Dataset excerpts
BEGIN
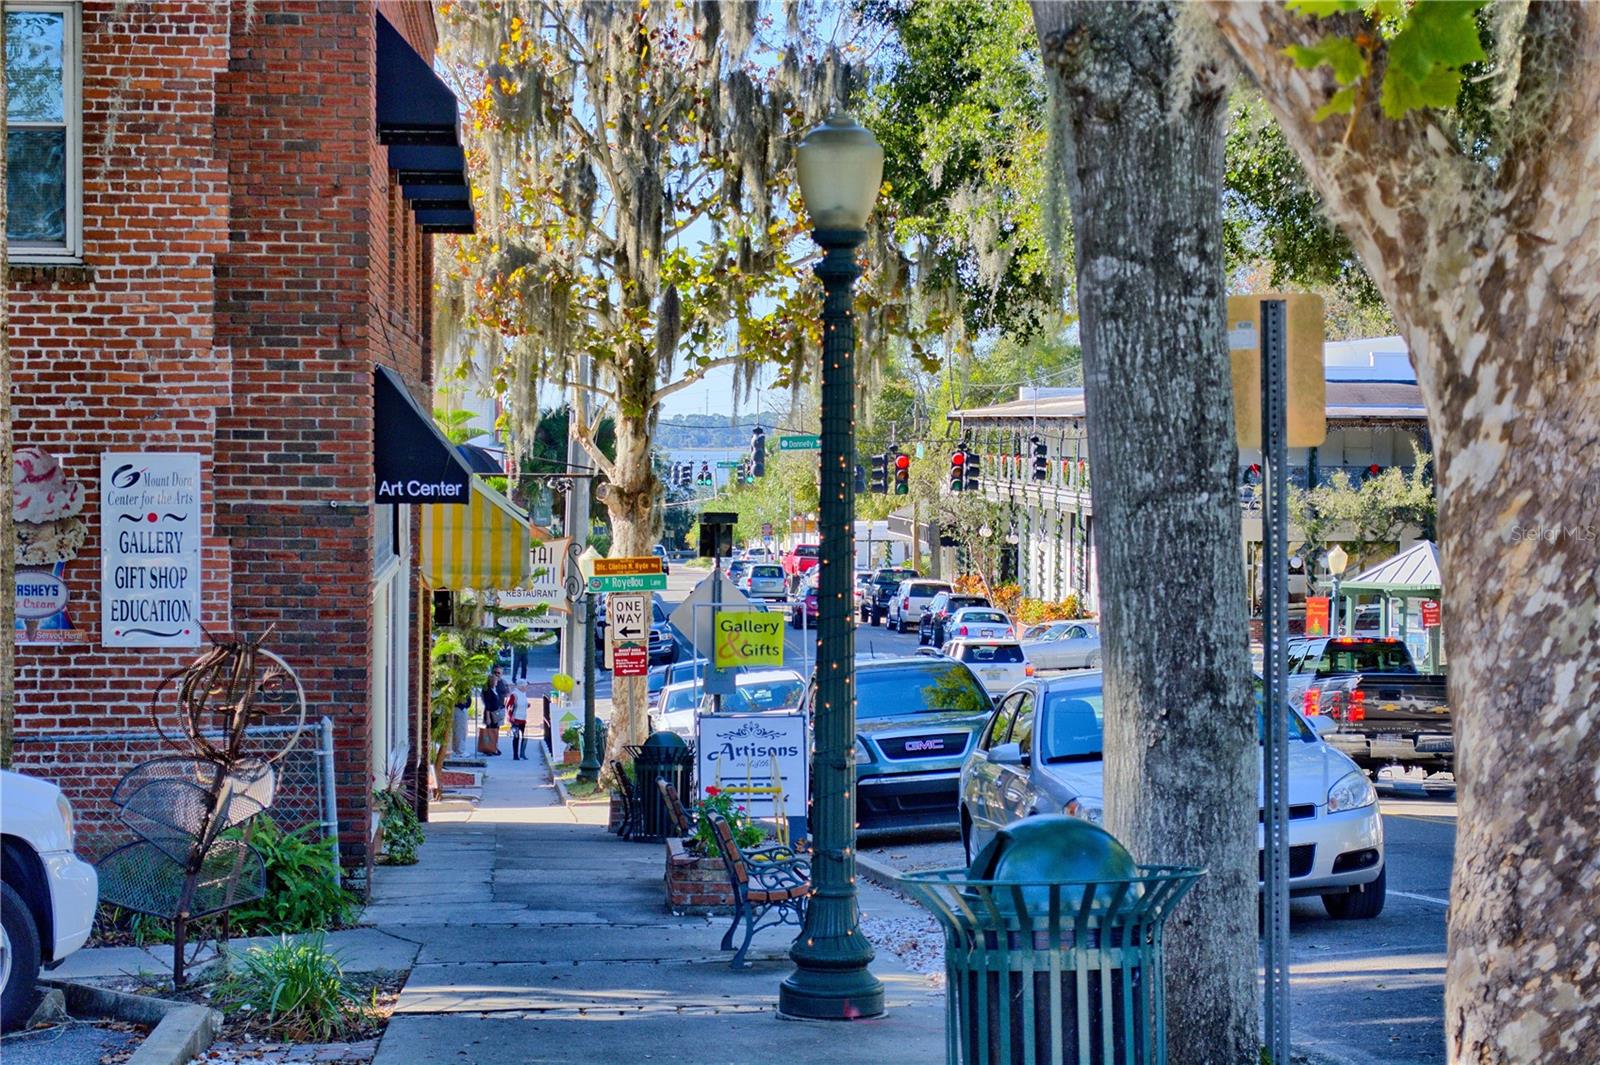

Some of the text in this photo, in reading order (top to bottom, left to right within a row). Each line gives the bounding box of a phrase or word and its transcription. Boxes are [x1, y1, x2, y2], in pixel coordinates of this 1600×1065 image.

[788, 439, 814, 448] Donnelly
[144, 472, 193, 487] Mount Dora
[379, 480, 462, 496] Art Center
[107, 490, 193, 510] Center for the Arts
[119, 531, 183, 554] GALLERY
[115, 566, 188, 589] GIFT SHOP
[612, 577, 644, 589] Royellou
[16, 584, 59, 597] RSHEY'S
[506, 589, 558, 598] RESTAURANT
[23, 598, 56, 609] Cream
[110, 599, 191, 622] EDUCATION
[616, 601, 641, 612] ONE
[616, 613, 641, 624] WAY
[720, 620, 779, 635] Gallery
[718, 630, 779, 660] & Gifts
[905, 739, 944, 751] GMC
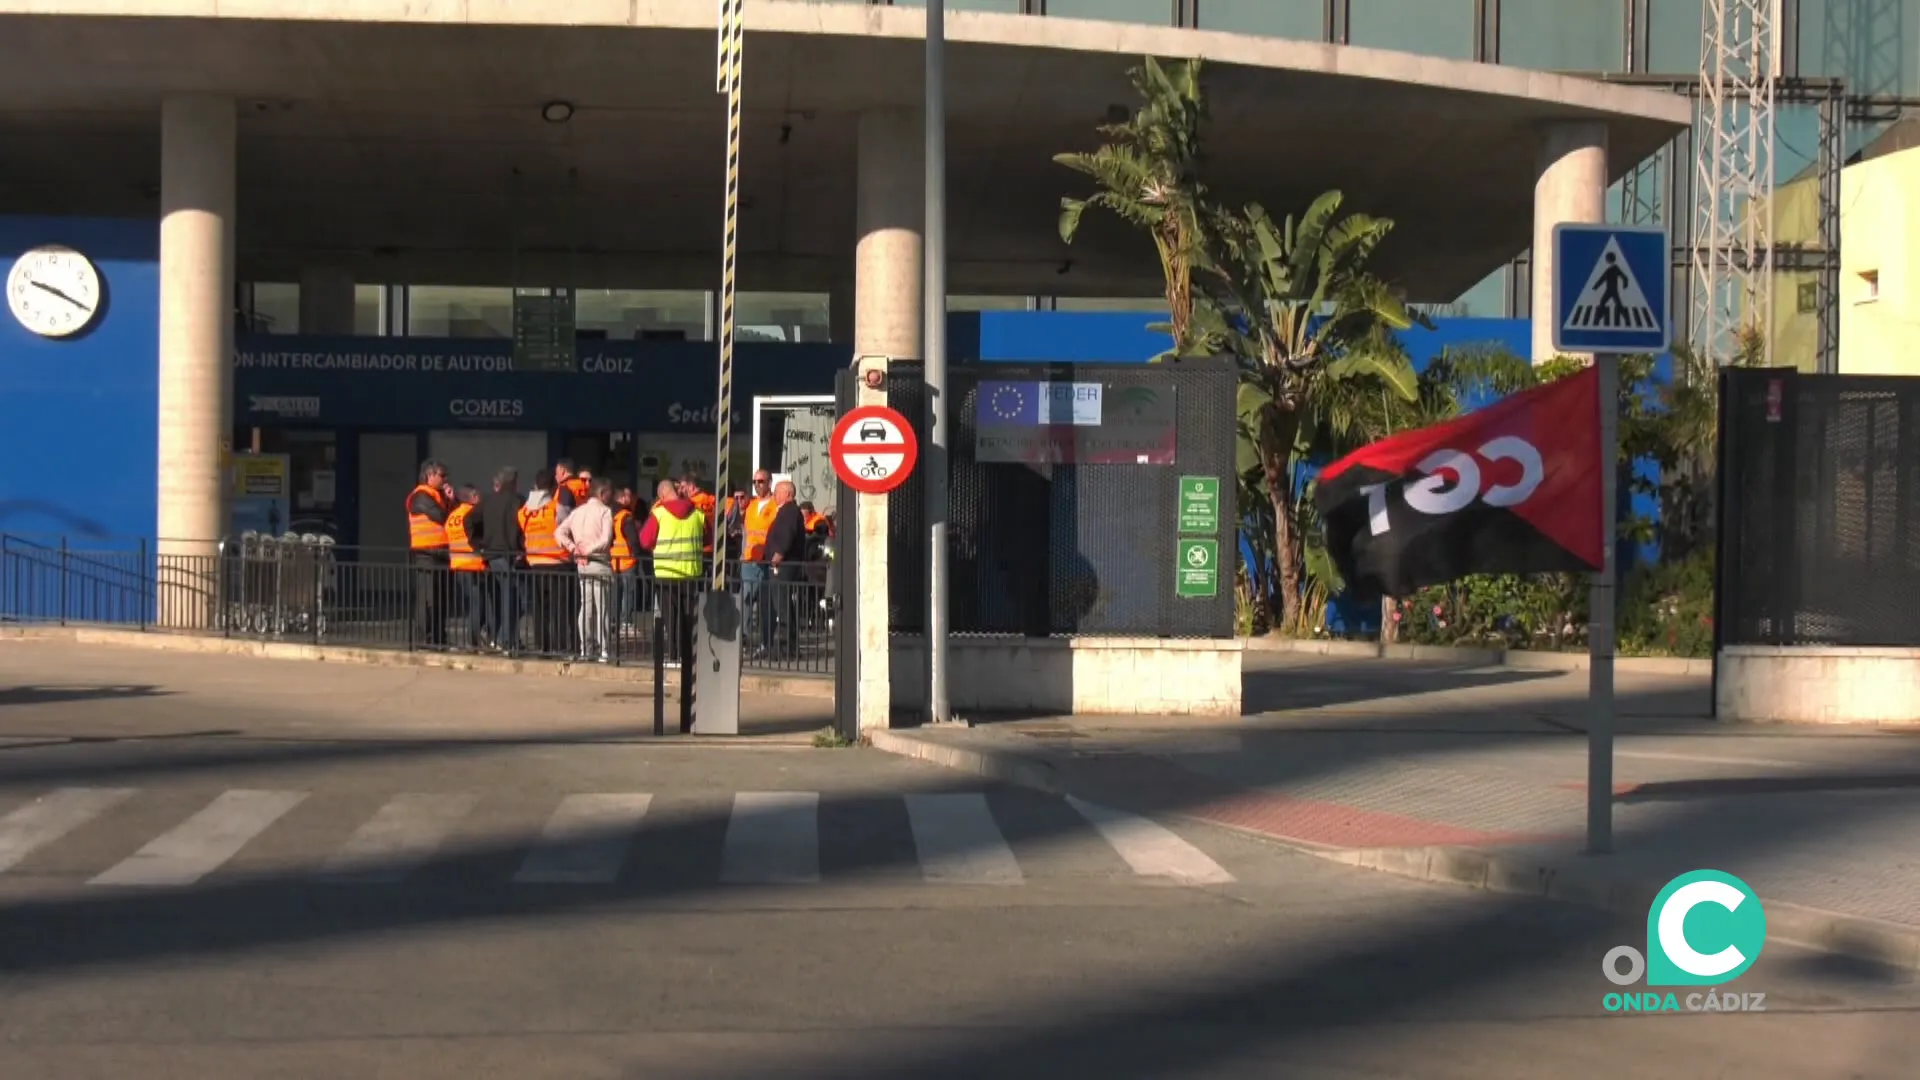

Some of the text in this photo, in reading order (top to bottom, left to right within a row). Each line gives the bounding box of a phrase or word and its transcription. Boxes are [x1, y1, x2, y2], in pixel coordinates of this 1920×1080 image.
END
Exercise details
Please print all the lines above exactly as given and leave out every picture.

Answer space
Some of the text in this photo, in reading order (top to bottom, left to right within a row). Each line gives the bounding box of a phrase or word and its transcription. Boxes are [x1, y1, x2, y2], in pixel coordinates of this 1600×1065 image.

[788, 439, 814, 448] Donnelly
[144, 472, 193, 487] Mount Dora
[379, 480, 462, 496] Art Center
[107, 490, 193, 510] Center for the Arts
[119, 531, 183, 554] GALLERY
[115, 566, 188, 589] GIFT SHOP
[612, 577, 644, 589] Royellou
[16, 584, 59, 597] RSHEY'S
[506, 589, 558, 598] RESTAURANT
[23, 598, 56, 609] Cream
[110, 599, 191, 622] EDUCATION
[616, 601, 641, 612] ONE
[616, 613, 641, 624] WAY
[720, 620, 779, 635] Gallery
[718, 630, 779, 660] & Gifts
[905, 739, 944, 751] GMC

Some of the text in this photo, in reading order (top to bottom, left to right within a row). Each line gives the bounding box of a phrase or word and its transcription. Boxes are [x1, y1, x2, y2], in pixel coordinates of this 1920×1080 image.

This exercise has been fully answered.